Duluth’s Stewart Cink has three career top 5 finishes in three different West Coast events, but the last of those came in 2008 in San Diego. His last top 10 was in the 2013 Bob Hope. The former Georgia Tech standout also had a history of success in the WGC Match Play event when it was played early in the season in Arizona.
Fellow ex-Yellow Jacket Bryce Molder has top-16 finishes in five of the six West Coast events, with his his bets showings a pair of sixth place showings in Los Angeles in 2014 and Phoenix last year.

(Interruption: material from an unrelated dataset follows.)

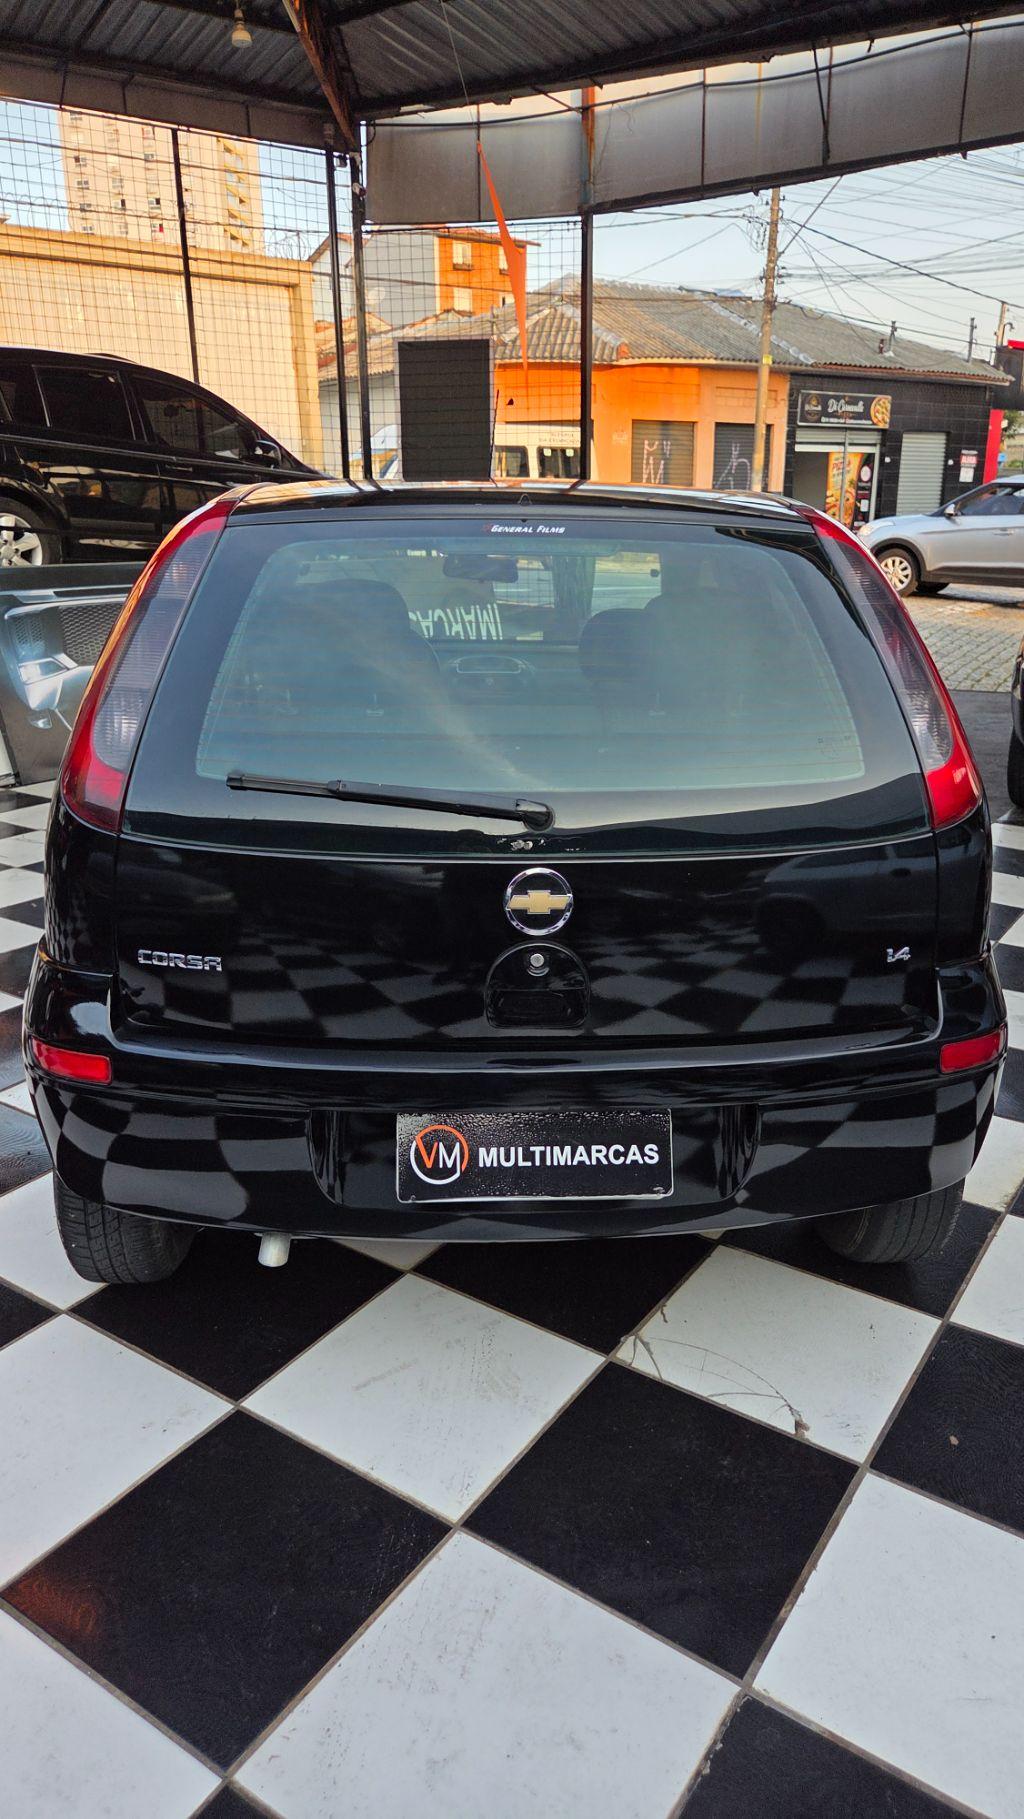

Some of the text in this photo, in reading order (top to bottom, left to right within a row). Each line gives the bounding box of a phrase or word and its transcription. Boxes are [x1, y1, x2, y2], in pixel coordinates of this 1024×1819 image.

[491, 525, 565, 534] GENERAL FILMS
[138, 949, 222, 971] CORSA
[478, 1144, 660, 1168] MULTIMARCAS

Two of the state’s younger PGA Tour members have won on the West Coast with former Augusta State standout Patrick Reed winning the Bob Hope in 2014 and the Tournament of Champions in Hawaii in 2015. Reed has also played well at Pebble Beach with a pair of top-10 finishes the last four years.
Macon native and ex-UGA golfer Russell Henley won the 2013 Hawaiian Open in his PGA Tour debut, but apart from a third place finish in the 2015 Tournament of Champions, also in Hawaii, has not played well on the West Coast since.
Henley’s former UGA teammate and fellow Georgia native Harris English has enjoyed more success out west than any of the twenty-something Georgians on the PGA Tour, contending for victories in three different tournaments. English was fourth in the Hawaiian Open in 2014 and third the next year, lost a playoff in San Diego in 2015 and placed third in Phoenix last year.
Woodstock native Chris Kirk, who preceded Henley and English on the UGA golf team, has only three West Coast top 10s, but two of them were runner-up finishes – at Pebble Beach in 2013 and the Hawaiian Open in 2014. He finished fifth in Hawaii the previous year.
Other top finishes by younger Georgia PGA Tour members on the West Coast swing include:
Kevin Kisner, fifth last year in Hawaii; Luke List, sixth last year in the Bob Hope; Roberto Castro, eighth at Pebble Beach last year; Patton Kizzire, eighth in San Diego last year; Brian Harman, fourth in LA in 2014; Hudson Swafford, eighth in Hawaii in 2014.